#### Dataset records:
* * *
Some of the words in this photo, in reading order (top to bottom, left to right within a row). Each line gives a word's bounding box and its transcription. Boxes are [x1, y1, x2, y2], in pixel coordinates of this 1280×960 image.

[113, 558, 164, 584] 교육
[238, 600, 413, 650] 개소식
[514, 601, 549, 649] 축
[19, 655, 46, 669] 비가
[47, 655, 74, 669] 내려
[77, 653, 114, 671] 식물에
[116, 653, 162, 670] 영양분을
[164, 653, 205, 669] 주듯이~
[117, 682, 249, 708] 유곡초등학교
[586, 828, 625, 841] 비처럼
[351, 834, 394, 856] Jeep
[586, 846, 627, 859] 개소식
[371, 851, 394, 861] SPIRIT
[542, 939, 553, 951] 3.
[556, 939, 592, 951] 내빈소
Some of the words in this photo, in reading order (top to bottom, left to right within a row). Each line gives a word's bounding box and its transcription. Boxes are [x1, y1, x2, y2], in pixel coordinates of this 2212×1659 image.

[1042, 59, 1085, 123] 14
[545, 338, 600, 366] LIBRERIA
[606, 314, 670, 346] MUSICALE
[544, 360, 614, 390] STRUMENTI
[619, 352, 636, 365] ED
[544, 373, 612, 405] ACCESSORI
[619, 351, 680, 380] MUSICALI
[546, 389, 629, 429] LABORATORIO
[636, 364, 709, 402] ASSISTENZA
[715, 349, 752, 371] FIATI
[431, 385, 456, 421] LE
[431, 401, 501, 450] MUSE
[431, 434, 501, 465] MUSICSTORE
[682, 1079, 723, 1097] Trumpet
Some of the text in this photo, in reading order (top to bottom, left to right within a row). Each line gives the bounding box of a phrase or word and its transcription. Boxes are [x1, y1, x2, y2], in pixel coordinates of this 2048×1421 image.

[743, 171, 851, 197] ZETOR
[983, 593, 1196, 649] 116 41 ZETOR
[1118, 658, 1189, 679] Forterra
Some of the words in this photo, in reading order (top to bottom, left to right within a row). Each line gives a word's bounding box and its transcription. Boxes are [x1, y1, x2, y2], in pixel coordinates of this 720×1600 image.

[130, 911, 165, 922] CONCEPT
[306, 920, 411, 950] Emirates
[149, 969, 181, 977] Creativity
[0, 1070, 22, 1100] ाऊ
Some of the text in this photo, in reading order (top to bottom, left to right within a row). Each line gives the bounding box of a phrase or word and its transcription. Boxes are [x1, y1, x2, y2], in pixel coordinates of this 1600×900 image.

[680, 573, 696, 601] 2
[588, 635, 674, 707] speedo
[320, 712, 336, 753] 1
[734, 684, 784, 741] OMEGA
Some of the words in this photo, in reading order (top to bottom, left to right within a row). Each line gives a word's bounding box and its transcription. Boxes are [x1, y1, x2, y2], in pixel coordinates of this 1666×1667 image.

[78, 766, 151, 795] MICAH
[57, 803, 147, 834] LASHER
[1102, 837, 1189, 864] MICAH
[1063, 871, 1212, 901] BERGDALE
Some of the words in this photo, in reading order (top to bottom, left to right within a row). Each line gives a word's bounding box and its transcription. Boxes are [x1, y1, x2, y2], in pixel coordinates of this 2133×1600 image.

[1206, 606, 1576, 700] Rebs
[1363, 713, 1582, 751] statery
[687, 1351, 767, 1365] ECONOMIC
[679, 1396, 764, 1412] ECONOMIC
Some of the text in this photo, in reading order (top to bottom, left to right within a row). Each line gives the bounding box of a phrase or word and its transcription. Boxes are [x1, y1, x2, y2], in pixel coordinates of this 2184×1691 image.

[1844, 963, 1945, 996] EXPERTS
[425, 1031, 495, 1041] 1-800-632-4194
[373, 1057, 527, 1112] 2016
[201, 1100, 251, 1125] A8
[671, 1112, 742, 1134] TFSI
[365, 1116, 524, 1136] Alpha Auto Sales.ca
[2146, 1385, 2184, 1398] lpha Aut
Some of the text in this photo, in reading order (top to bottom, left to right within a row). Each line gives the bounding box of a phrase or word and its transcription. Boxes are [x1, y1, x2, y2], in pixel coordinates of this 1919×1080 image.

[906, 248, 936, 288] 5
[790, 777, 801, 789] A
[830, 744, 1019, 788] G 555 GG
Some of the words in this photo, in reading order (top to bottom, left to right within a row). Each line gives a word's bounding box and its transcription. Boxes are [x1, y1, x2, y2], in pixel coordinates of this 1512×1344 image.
* * *
The entries above should be copied out exactly, with none left out.

Some of the words in this photo, in reading order (top to bottom, left to right within a row). Each line gives a word's bounding box and its transcription. Boxes are [x1, y1, x2, y2], in pixel coordinates of this 1280×960 image.

[113, 558, 164, 584] 교육
[238, 600, 413, 650] 개소식
[514, 601, 549, 649] 축
[19, 655, 46, 669] 비가
[47, 655, 74, 669] 내려
[77, 653, 114, 671] 식물에
[116, 653, 162, 670] 영양분을
[164, 653, 205, 669] 주듯이~
[117, 682, 249, 708] 유곡초등학교
[586, 828, 625, 841] 비처럼
[351, 834, 394, 856] Jeep
[586, 846, 627, 859] 개소식
[371, 851, 394, 861] SPIRIT
[542, 939, 553, 951] 3.
[556, 939, 592, 951] 내빈소
Some of the words in this photo, in reading order (top to bottom, left to right within a row). Each line gives a word's bounding box and its transcription. Boxes are [x1, y1, x2, y2], in pixel coordinates of this 2212×1659 image.

[1042, 59, 1085, 123] 14
[545, 338, 600, 366] LIBRERIA
[606, 314, 670, 346] MUSICALE
[544, 360, 614, 390] STRUMENTI
[619, 352, 636, 365] ED
[544, 373, 612, 405] ACCESSORI
[619, 351, 680, 380] MUSICALI
[546, 389, 629, 429] LABORATORIO
[636, 364, 709, 402] ASSISTENZA
[715, 349, 752, 371] FIATI
[431, 385, 456, 421] LE
[431, 401, 501, 450] MUSE
[431, 434, 501, 465] MUSICSTORE
[682, 1079, 723, 1097] Trumpet
Some of the text in this photo, in reading order (top to bottom, left to right within a row). Each line gives the bounding box of a phrase or word and its transcription. Boxes are [x1, y1, x2, y2], in pixel coordinates of this 2048×1421 image.

[743, 171, 851, 197] ZETOR
[983, 593, 1196, 649] 116 41 ZETOR
[1118, 658, 1189, 679] Forterra
Some of the words in this photo, in reading order (top to bottom, left to right within a row). Each line gives a word's bounding box and its transcription. Boxes are [x1, y1, x2, y2], in pixel coordinates of this 720×1600 image.

[130, 911, 165, 922] CONCEPT
[306, 920, 411, 950] Emirates
[149, 969, 181, 977] Creativity
[0, 1070, 22, 1100] ाऊ
Some of the text in this photo, in reading order (top to bottom, left to right within a row). Each line gives the bounding box of a phrase or word and its transcription. Boxes are [x1, y1, x2, y2], in pixel coordinates of this 1600×900 image.

[680, 573, 696, 601] 2
[588, 635, 674, 707] speedo
[320, 712, 336, 753] 1
[734, 684, 784, 741] OMEGA
Some of the words in this photo, in reading order (top to bottom, left to right within a row). Each line gives a word's bounding box and its transcription. Boxes are [x1, y1, x2, y2], in pixel coordinates of this 1666×1667 image.

[78, 766, 151, 795] MICAH
[57, 803, 147, 834] LASHER
[1102, 837, 1189, 864] MICAH
[1063, 871, 1212, 901] BERGDALE
Some of the words in this photo, in reading order (top to bottom, left to right within a row). Each line gives a word's bounding box and its transcription. Boxes are [x1, y1, x2, y2], in pixel coordinates of this 2133×1600 image.

[1206, 606, 1576, 700] Rebs
[1363, 713, 1582, 751] statery
[687, 1351, 767, 1365] ECONOMIC
[679, 1396, 764, 1412] ECONOMIC
Some of the text in this photo, in reading order (top to bottom, left to right within a row). Each line gives the bounding box of a phrase or word and its transcription. Boxes are [x1, y1, x2, y2], in pixel coordinates of this 2184×1691 image.

[1844, 963, 1945, 996] EXPERTS
[425, 1031, 495, 1041] 1-800-632-4194
[373, 1057, 527, 1112] 2016
[201, 1100, 251, 1125] A8
[671, 1112, 742, 1134] TFSI
[365, 1116, 524, 1136] Alpha Auto Sales.ca
[2146, 1385, 2184, 1398] lpha Aut
Some of the text in this photo, in reading order (top to bottom, left to right within a row). Each line gives the bounding box of a phrase or word and its transcription. Boxes are [x1, y1, x2, y2], in pixel coordinates of this 1919×1080 image.

[906, 248, 936, 288] 5
[790, 777, 801, 789] A
[830, 744, 1019, 788] G 555 GG
Some of the words in this photo, in reading order (top to bottom, left to right within a row). Each line gives a word's bounding box and its transcription. Boxes are [x1, y1, x2, y2], in pixel coordinates of this 1512×1344 image.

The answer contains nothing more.